THE PROBLEM - Using the exact wording, repeat every line of the material.

RECORDS -
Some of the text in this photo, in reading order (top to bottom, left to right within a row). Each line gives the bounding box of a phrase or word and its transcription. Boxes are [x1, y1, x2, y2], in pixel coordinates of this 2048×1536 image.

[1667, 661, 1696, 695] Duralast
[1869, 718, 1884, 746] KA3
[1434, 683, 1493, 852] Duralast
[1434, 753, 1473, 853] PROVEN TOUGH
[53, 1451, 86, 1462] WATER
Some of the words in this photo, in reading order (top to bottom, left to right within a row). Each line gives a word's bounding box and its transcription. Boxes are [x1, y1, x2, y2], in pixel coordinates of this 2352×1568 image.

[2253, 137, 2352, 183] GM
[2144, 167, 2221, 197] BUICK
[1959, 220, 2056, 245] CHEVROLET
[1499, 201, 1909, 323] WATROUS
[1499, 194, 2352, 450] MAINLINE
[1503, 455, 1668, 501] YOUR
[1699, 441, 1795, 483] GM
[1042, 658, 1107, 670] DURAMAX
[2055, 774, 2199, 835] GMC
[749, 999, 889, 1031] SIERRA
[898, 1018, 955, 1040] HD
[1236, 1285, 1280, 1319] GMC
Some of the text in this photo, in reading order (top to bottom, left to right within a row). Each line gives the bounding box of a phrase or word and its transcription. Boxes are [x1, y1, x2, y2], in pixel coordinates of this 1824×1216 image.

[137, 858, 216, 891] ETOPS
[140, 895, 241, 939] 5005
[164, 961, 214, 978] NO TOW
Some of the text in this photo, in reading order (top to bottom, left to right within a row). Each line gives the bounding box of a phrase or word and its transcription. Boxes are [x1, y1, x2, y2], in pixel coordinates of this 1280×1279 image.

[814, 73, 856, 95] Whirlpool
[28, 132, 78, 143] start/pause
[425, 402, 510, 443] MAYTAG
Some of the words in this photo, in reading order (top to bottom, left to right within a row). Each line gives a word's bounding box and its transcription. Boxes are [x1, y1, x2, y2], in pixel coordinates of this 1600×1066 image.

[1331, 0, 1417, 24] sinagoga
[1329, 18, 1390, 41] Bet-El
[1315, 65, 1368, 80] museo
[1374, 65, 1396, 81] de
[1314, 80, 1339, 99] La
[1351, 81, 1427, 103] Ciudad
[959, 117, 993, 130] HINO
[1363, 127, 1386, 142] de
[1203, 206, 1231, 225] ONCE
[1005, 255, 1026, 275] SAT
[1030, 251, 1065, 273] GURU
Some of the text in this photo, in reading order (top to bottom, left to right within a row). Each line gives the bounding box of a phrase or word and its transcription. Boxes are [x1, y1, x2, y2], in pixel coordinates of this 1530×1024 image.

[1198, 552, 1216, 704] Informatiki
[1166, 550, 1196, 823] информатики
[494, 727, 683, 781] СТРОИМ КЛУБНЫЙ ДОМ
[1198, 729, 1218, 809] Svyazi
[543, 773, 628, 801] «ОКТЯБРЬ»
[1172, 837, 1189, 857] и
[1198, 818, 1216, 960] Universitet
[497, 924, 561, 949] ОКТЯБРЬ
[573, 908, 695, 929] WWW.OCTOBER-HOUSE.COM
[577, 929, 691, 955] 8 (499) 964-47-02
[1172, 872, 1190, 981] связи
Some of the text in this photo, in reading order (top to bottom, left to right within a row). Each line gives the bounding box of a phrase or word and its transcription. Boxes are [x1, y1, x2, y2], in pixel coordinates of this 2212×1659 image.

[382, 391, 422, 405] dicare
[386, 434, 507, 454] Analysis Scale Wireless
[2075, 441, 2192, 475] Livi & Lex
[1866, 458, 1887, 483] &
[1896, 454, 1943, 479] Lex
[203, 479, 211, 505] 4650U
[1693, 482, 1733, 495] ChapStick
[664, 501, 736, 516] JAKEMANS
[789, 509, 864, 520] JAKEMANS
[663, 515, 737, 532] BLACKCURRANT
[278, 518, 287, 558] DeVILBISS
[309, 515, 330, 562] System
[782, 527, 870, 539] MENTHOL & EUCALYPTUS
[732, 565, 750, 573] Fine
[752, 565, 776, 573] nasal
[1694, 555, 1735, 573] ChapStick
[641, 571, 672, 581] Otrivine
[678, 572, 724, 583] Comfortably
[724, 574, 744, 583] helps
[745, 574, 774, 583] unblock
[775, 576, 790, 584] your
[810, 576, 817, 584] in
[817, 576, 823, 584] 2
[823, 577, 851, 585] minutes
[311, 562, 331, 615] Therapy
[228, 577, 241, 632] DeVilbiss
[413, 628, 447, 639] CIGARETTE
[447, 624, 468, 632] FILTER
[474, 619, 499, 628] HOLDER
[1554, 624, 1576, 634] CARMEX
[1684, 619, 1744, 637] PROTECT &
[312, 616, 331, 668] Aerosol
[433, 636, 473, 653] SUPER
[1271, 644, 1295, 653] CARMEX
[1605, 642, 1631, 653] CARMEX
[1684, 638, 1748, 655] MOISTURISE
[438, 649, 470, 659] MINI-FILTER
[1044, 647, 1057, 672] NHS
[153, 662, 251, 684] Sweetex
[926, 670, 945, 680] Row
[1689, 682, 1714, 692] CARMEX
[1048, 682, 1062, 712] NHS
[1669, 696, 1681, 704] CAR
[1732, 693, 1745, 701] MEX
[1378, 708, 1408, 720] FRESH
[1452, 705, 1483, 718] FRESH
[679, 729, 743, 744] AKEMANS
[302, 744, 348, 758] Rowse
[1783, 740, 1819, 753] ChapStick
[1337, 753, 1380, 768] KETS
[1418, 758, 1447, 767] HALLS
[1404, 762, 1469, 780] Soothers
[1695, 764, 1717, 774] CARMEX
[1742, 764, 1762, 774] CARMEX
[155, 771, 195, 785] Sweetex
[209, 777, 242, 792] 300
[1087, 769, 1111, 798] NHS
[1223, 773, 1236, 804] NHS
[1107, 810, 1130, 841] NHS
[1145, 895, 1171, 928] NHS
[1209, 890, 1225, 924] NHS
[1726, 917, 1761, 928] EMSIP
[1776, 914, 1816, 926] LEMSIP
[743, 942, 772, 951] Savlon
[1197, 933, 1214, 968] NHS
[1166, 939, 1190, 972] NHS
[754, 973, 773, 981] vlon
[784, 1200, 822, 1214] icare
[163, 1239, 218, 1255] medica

RESPONSE TO THIS TASK -
Some of the text in this photo, in reading order (top to bottom, left to right within a row). Each line gives the bounding box of a phrase or word and its transcription. Boxes are [x1, y1, x2, y2], in pixel coordinates of this 2048×1536 image.

[1667, 661, 1696, 695] Duralast
[1869, 718, 1884, 746] KA3
[1434, 683, 1493, 852] Duralast
[1434, 753, 1473, 853] PROVEN TOUGH
[53, 1451, 86, 1462] WATER
Some of the words in this photo, in reading order (top to bottom, left to right within a row). Each line gives a word's bounding box and its transcription. Boxes are [x1, y1, x2, y2], in pixel coordinates of this 2352×1568 image.

[2253, 137, 2352, 183] GM
[2144, 167, 2221, 197] BUICK
[1959, 220, 2056, 245] CHEVROLET
[1499, 201, 1909, 323] WATROUS
[1499, 194, 2352, 450] MAINLINE
[1503, 455, 1668, 501] YOUR
[1699, 441, 1795, 483] GM
[1042, 658, 1107, 670] DURAMAX
[2055, 774, 2199, 835] GMC
[749, 999, 889, 1031] SIERRA
[898, 1018, 955, 1040] HD
[1236, 1285, 1280, 1319] GMC
Some of the text in this photo, in reading order (top to bottom, left to right within a row). Each line gives the bounding box of a phrase or word and its transcription. Boxes are [x1, y1, x2, y2], in pixel coordinates of this 1824×1216 image.

[137, 858, 216, 891] ETOPS
[140, 895, 241, 939] 5005
[164, 961, 214, 978] NO TOW
Some of the text in this photo, in reading order (top to bottom, left to right within a row). Each line gives the bounding box of a phrase or word and its transcription. Boxes are [x1, y1, x2, y2], in pixel coordinates of this 1280×1279 image.

[814, 73, 856, 95] Whirlpool
[28, 132, 78, 143] start/pause
[425, 402, 510, 443] MAYTAG
Some of the words in this photo, in reading order (top to bottom, left to right within a row). Each line gives a word's bounding box and its transcription. Boxes are [x1, y1, x2, y2], in pixel coordinates of this 1600×1066 image.

[1331, 0, 1417, 24] sinagoga
[1329, 18, 1390, 41] Bet-El
[1315, 65, 1368, 80] museo
[1374, 65, 1396, 81] de
[1314, 80, 1339, 99] La
[1351, 81, 1427, 103] Ciudad
[959, 117, 993, 130] HINO
[1363, 127, 1386, 142] de
[1203, 206, 1231, 225] ONCE
[1005, 255, 1026, 275] SAT
[1030, 251, 1065, 273] GURU
Some of the text in this photo, in reading order (top to bottom, left to right within a row). Each line gives the bounding box of a phrase or word and its transcription. Boxes are [x1, y1, x2, y2], in pixel coordinates of this 1530×1024 image.

[1198, 552, 1216, 704] Informatiki
[1166, 550, 1196, 823] информатики
[494, 727, 683, 781] СТРОИМ КЛУБНЫЙ ДОМ
[1198, 729, 1218, 809] Svyazi
[543, 773, 628, 801] «ОКТЯБРЬ»
[1172, 837, 1189, 857] и
[1198, 818, 1216, 960] Universitet
[497, 924, 561, 949] ОКТЯБРЬ
[573, 908, 695, 929] WWW.OCTOBER-HOUSE.COM
[577, 929, 691, 955] 8 (499) 964-47-02
[1172, 872, 1190, 981] связи
Some of the text in this photo, in reading order (top to bottom, left to right within a row). Each line gives the bounding box of a phrase or word and its transcription. Boxes are [x1, y1, x2, y2], in pixel coordinates of this 2212×1659 image.

[382, 391, 422, 405] dicare
[386, 434, 507, 454] Analysis Scale Wireless
[2075, 441, 2192, 475] Livi & Lex
[1866, 458, 1887, 483] &
[1896, 454, 1943, 479] Lex
[203, 479, 211, 505] 4650U
[1693, 482, 1733, 495] ChapStick
[664, 501, 736, 516] JAKEMANS
[789, 509, 864, 520] JAKEMANS
[663, 515, 737, 532] BLACKCURRANT
[278, 518, 287, 558] DeVILBISS
[309, 515, 330, 562] System
[782, 527, 870, 539] MENTHOL & EUCALYPTUS
[732, 565, 750, 573] Fine
[752, 565, 776, 573] nasal
[1694, 555, 1735, 573] ChapStick
[641, 571, 672, 581] Otrivine
[678, 572, 724, 583] Comfortably
[724, 574, 744, 583] helps
[745, 574, 774, 583] unblock
[775, 576, 790, 584] your
[810, 576, 817, 584] in
[817, 576, 823, 584] 2
[823, 577, 851, 585] minutes
[311, 562, 331, 615] Therapy
[228, 577, 241, 632] DeVilbiss
[413, 628, 447, 639] CIGARETTE
[447, 624, 468, 632] FILTER
[474, 619, 499, 628] HOLDER
[1554, 624, 1576, 634] CARMEX
[1684, 619, 1744, 637] PROTECT &
[312, 616, 331, 668] Aerosol
[433, 636, 473, 653] SUPER
[1271, 644, 1295, 653] CARMEX
[1605, 642, 1631, 653] CARMEX
[1684, 638, 1748, 655] MOISTURISE
[438, 649, 470, 659] MINI-FILTER
[1044, 647, 1057, 672] NHS
[153, 662, 251, 684] Sweetex
[926, 670, 945, 680] Row
[1689, 682, 1714, 692] CARMEX
[1048, 682, 1062, 712] NHS
[1669, 696, 1681, 704] CAR
[1732, 693, 1745, 701] MEX
[1378, 708, 1408, 720] FRESH
[1452, 705, 1483, 718] FRESH
[679, 729, 743, 744] AKEMANS
[302, 744, 348, 758] Rowse
[1783, 740, 1819, 753] ChapStick
[1337, 753, 1380, 768] KETS
[1418, 758, 1447, 767] HALLS
[1404, 762, 1469, 780] Soothers
[1695, 764, 1717, 774] CARMEX
[1742, 764, 1762, 774] CARMEX
[155, 771, 195, 785] Sweetex
[209, 777, 242, 792] 300
[1087, 769, 1111, 798] NHS
[1223, 773, 1236, 804] NHS
[1107, 810, 1130, 841] NHS
[1145, 895, 1171, 928] NHS
[1209, 890, 1225, 924] NHS
[1726, 917, 1761, 928] EMSIP
[1776, 914, 1816, 926] LEMSIP
[743, 942, 772, 951] Savlon
[1197, 933, 1214, 968] NHS
[1166, 939, 1190, 972] NHS
[754, 973, 773, 981] vlon
[784, 1200, 822, 1214] icare
[163, 1239, 218, 1255] medica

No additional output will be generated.